For the last few years I’ve been writing about neuroscience research which shows that the human brain is hard-wired for empathy, the ability to put oneself in another’s shoes. This is the discovery of the mirror neuron system or MNS, a finding some scientists believe rivals what the discovery of DNA meant for biology. The technical details showing how morality is rooted in biology, hardwired into our neural circuits via evolution rather than handed down from on high, lie beyond this article. But our understanding is increasing at an exponential rate and it’s compelling. Earlier this year, UCLA neuroscientist Marco Iacoboni’s superb book, Mirroring People (NY: Farrar, Strauss and Giroux, 2008, paper) made this important research accessible to the lay public.
However, this is not to underestimate the barriers to the public’s appreciation of these findings. At the apex of misunderstanding is the cynical, even despairing doubt about the existence of a moral instinct for empathy.
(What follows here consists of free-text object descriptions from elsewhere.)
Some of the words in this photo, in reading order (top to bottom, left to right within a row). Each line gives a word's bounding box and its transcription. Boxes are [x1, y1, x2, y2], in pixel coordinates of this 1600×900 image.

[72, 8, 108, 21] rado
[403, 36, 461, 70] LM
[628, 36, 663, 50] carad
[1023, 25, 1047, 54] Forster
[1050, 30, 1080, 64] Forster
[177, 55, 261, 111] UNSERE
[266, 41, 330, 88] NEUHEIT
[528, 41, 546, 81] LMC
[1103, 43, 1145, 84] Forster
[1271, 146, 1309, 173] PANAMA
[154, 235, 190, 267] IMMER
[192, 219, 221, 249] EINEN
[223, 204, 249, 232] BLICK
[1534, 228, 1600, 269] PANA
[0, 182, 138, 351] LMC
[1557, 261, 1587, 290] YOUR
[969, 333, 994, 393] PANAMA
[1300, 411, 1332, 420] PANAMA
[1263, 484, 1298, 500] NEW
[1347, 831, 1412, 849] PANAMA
From doctrines of original sin and Ayn Rand to Alan Greenspan and David Brooks, certain intrepretations of human nature have functioned to override empathic responses. In the words of famed primate scientist Frans B.M. de Waal “You need to indoctrinate empathy out of people in order to arrive at extreme capitalist positions.”
We know that cultures are set up to reward some people and disadvantage others. Capitalists maintain domination, in part, through subtly but actively creating society’s prevailing cultural norms. Antonio Gramsci’s writing reminds us that this control is achieved through the mass media, education, religion and popular culture as subordinate classes assimilate certain ideas as “common sense.” It isn’t that individual deviations don’t occur within the interstices of society but generally they don’t threaten elite control.
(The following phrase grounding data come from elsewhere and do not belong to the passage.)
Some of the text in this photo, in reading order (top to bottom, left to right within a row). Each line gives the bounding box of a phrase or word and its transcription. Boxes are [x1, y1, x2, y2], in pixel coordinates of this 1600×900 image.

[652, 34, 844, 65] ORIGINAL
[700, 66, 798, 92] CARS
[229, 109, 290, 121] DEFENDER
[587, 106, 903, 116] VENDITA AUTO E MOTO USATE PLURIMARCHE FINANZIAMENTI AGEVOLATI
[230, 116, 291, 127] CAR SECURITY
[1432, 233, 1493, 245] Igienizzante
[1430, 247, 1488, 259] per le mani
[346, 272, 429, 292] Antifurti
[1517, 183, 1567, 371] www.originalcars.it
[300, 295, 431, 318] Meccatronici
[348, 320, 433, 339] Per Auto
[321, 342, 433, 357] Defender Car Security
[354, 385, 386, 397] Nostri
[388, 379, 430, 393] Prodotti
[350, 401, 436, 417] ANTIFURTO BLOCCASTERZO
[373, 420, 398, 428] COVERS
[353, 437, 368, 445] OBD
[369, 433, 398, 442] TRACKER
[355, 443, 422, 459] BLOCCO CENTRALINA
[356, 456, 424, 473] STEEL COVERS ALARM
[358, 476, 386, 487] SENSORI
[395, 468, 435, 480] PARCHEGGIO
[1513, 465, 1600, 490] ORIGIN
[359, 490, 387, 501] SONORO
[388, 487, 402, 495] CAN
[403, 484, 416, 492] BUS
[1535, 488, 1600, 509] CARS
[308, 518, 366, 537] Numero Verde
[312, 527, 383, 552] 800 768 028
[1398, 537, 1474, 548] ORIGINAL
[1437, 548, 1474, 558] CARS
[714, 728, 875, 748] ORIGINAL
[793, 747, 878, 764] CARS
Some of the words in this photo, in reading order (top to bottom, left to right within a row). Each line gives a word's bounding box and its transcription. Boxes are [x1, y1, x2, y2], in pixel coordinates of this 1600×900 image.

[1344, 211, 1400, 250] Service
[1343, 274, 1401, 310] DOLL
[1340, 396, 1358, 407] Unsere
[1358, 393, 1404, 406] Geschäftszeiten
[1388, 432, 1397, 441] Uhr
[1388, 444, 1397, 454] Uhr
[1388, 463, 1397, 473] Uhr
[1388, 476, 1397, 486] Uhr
If we assume that the human brain or more specifically, the aforementioned mirror neuron system, is the implicit target of elite propaganda, then the current economic meltdown provides an almost unprecedented opportunity for us.
Perhaps not since the 1930s have our citizens been more skeptical of received wisdom about our socioeconomic system. That is, the carefully manufactured narrative of market capitalist identity and its assumptions about human nature are now thrown into sharp relief.
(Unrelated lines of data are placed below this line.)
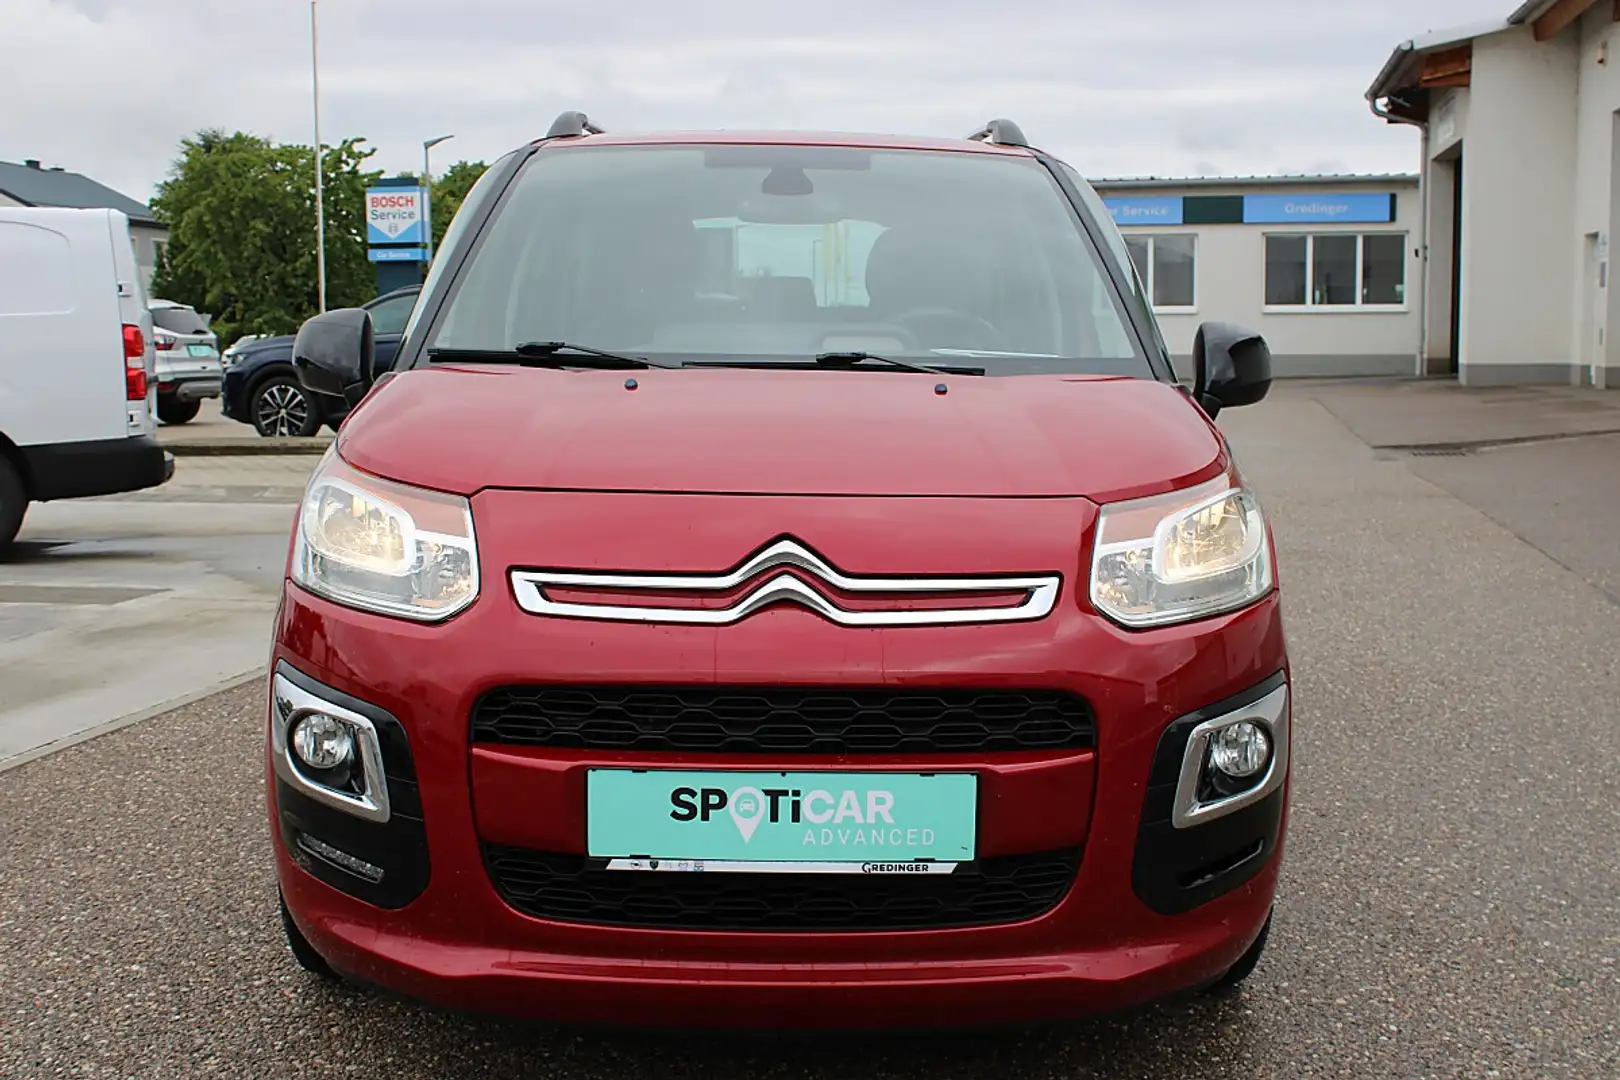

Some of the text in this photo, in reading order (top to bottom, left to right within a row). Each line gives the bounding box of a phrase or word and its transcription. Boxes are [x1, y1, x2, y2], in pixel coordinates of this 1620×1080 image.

[371, 196, 414, 207] BOSCH
[371, 209, 415, 220] Service
[1123, 205, 1169, 216] Service
[1285, 202, 1349, 217] Gredinger
[803, 829, 935, 845] ADVANCED
[861, 862, 929, 874] GREDINGER
Not only has economic reality made a shambles of the canonical model of Homo economicus but robust empirical evidence offers promising alternative responses to basic questions about human nature. Parenthetically, other highly regarded cross-cultural studies reveal that the self-interested behavior predicted by the selfishness axiom simply fail to materialize and cooperation is the norm.
Of course there are also predatory and cruel urges within our nature, complete with their own neural correlates and evolutionary origins. But now we know that organizing an alternative to our vicious system of “natural” hyper-individualism will enhance the opportunity for the empathic aspect of our nature to flourish. Social historian Margaret Jacobs captures my optimism with her insight that “No institution is safe if people simply stop believing in the assumptions that justify its existence.” Therein lies both our challenge and responsibility.